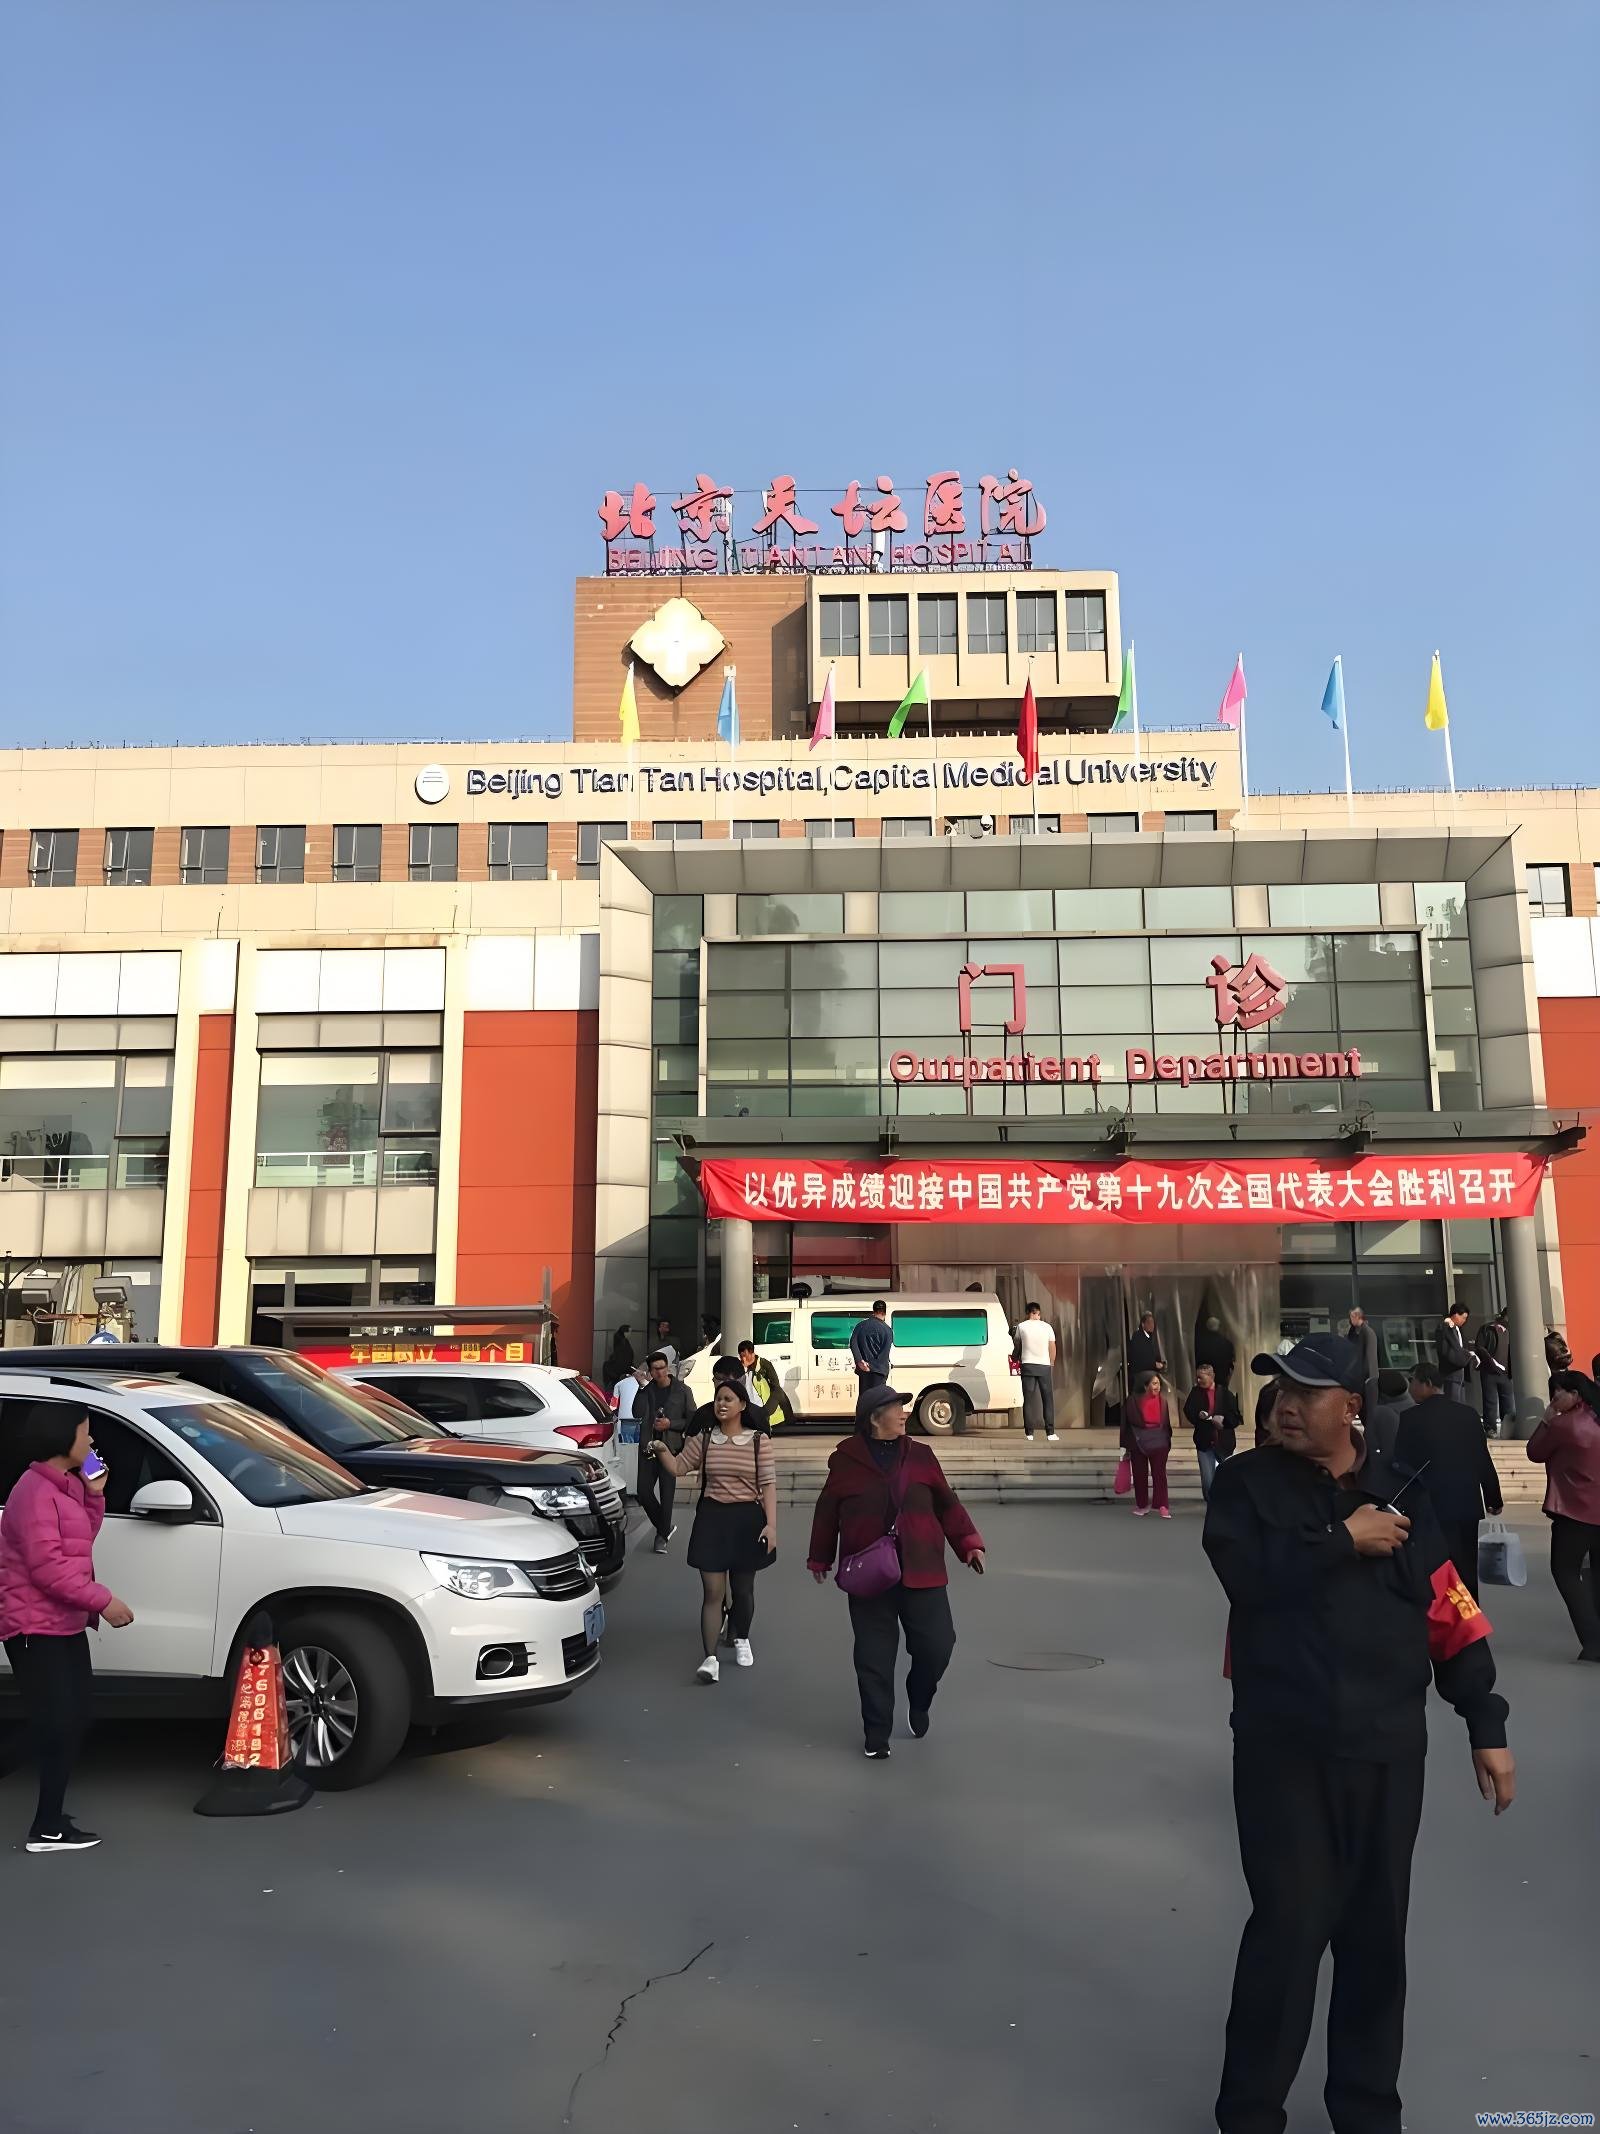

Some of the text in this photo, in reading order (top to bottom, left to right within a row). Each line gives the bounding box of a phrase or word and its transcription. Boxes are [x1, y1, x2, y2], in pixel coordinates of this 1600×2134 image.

[597, 467, 1047, 543] 北京天坛医院
[466, 768, 562, 800] Beijing
[570, 768, 633, 793] Tian
[640, 766, 694, 792] Tan
[943, 759, 1060, 788] Medical
[1065, 756, 1217, 788] University
[957, 953, 1288, 1034] 门诊
[889, 1047, 1362, 1089] Outpatient Department
[743, 1167, 1517, 1212] 以优异成绩迎接中国共产党第十九次全国代表大会胜利召开
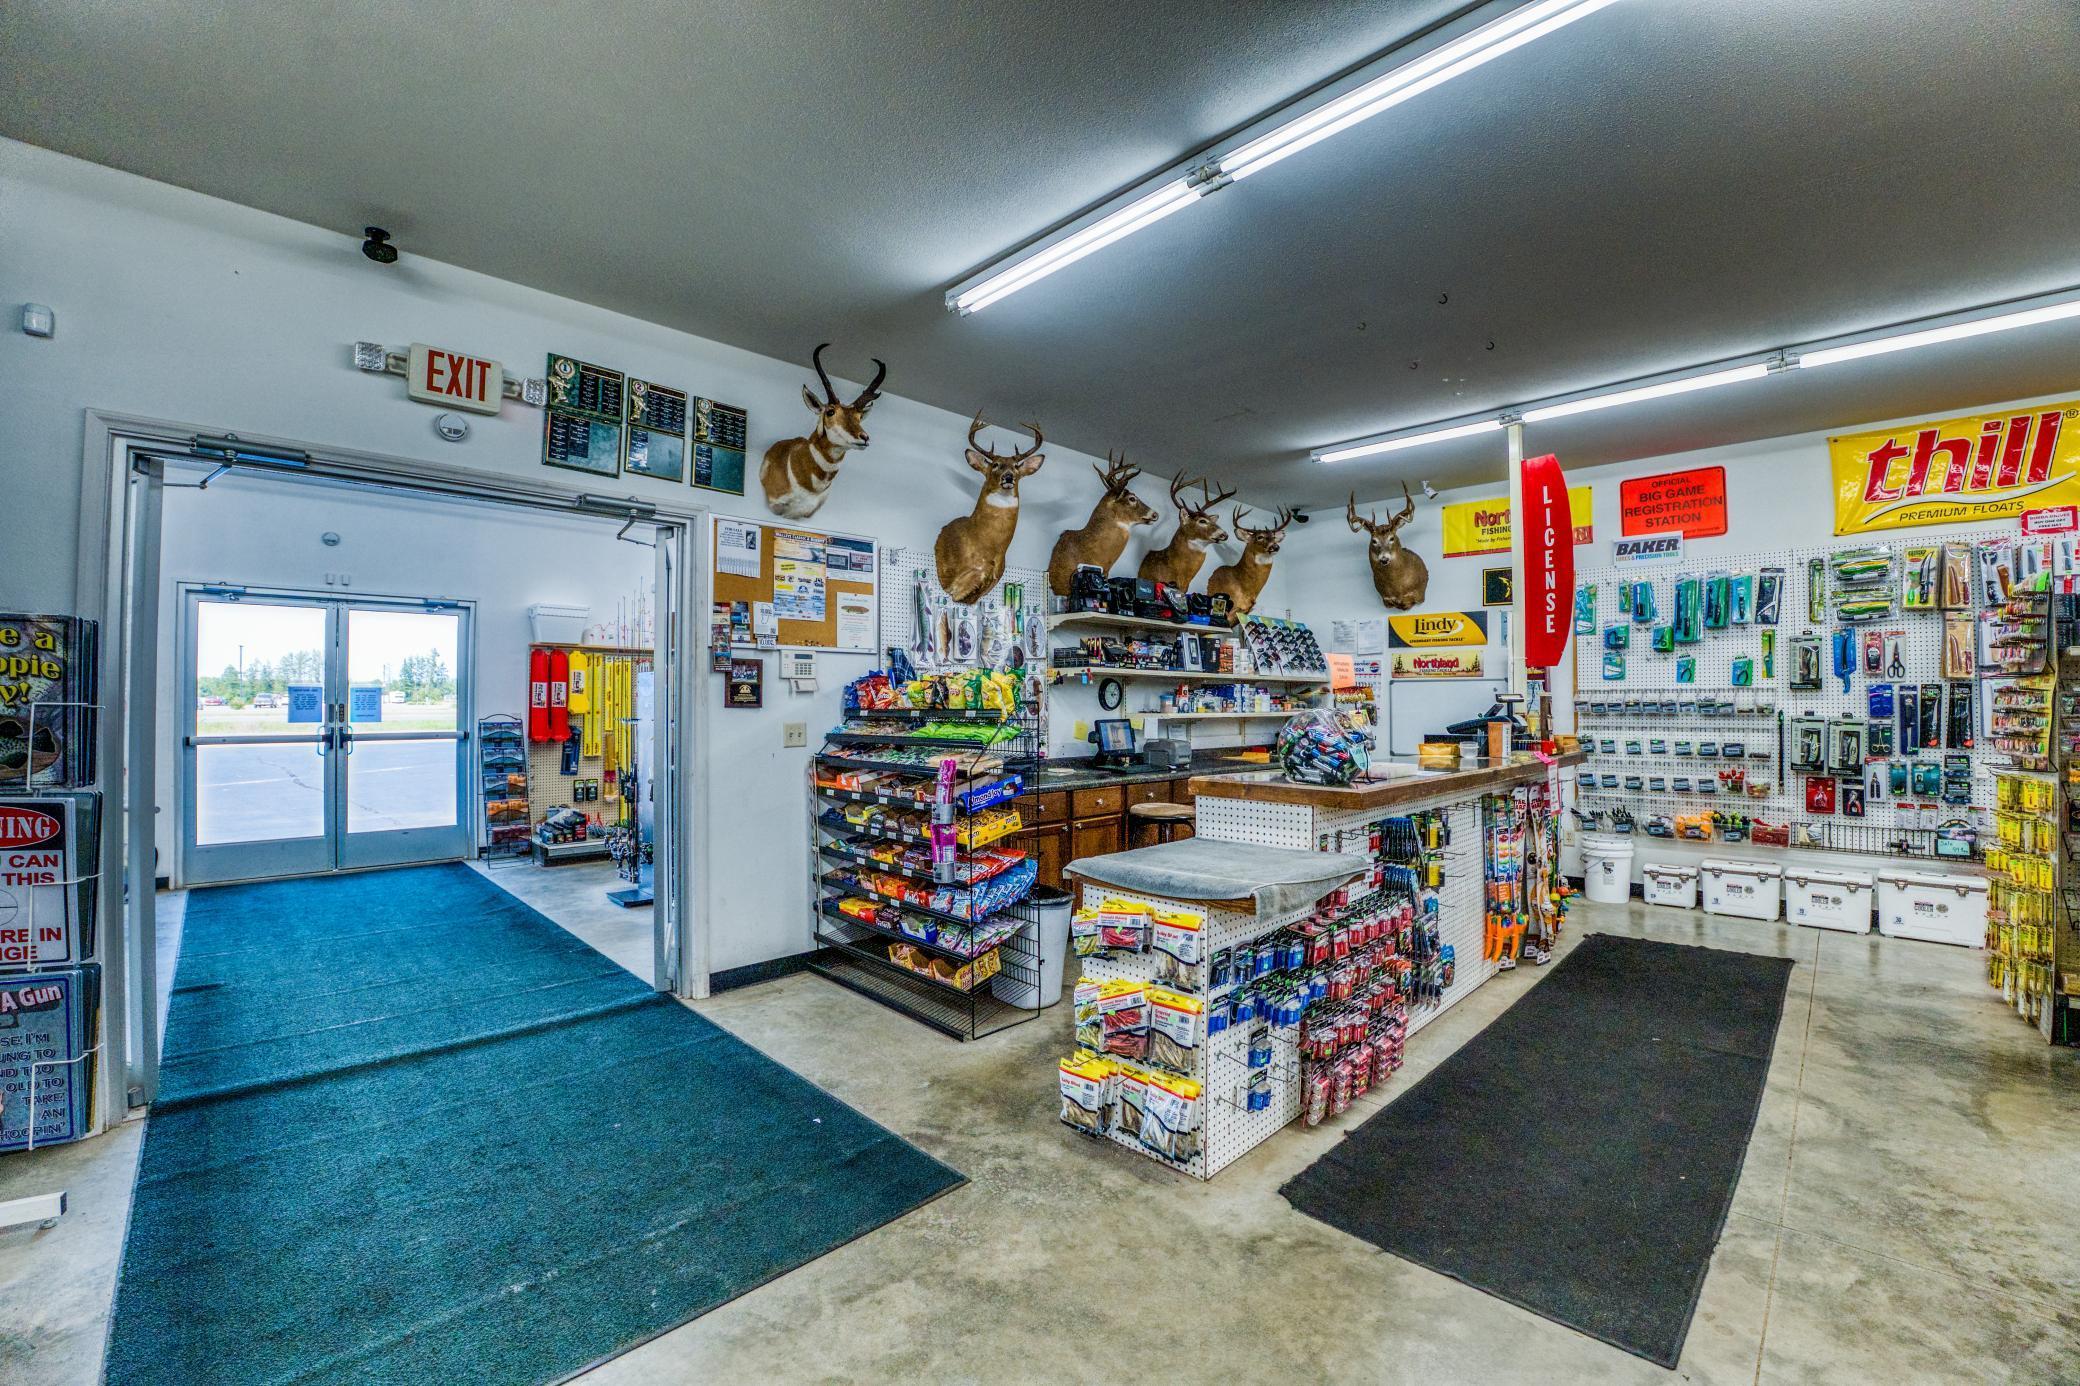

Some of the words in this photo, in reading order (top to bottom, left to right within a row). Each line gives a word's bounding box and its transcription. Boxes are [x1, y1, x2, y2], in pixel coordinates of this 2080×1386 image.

══════════

Write out the entries above verbatim, without pictures.

Some of the text in this photo, in reading order (top to bottom, left to right within a row). Each line gives the bounding box of a phrase or word and its transcription. Boxes are [x1, y1, x2, y2], in pixel coordinates of this 1600×2134 image.

[597, 467, 1047, 543] 北京天坛医院
[466, 768, 562, 800] Beijing
[570, 768, 633, 793] Tian
[640, 766, 694, 792] Tan
[943, 759, 1060, 788] Medical
[1065, 756, 1217, 788] University
[957, 953, 1288, 1034] 门诊
[889, 1047, 1362, 1089] Outpatient Department
[743, 1167, 1517, 1212] 以优异成绩迎接中国共产党第十九次全国代表大会胜利召开

Some of the words in this photo, in reading order (top to bottom, left to right within a row). Each line gives a word's bounding box and its transcription. Boxes are [x1, y1, x2, y2], in pixel coordinates of this 2080×1386 image.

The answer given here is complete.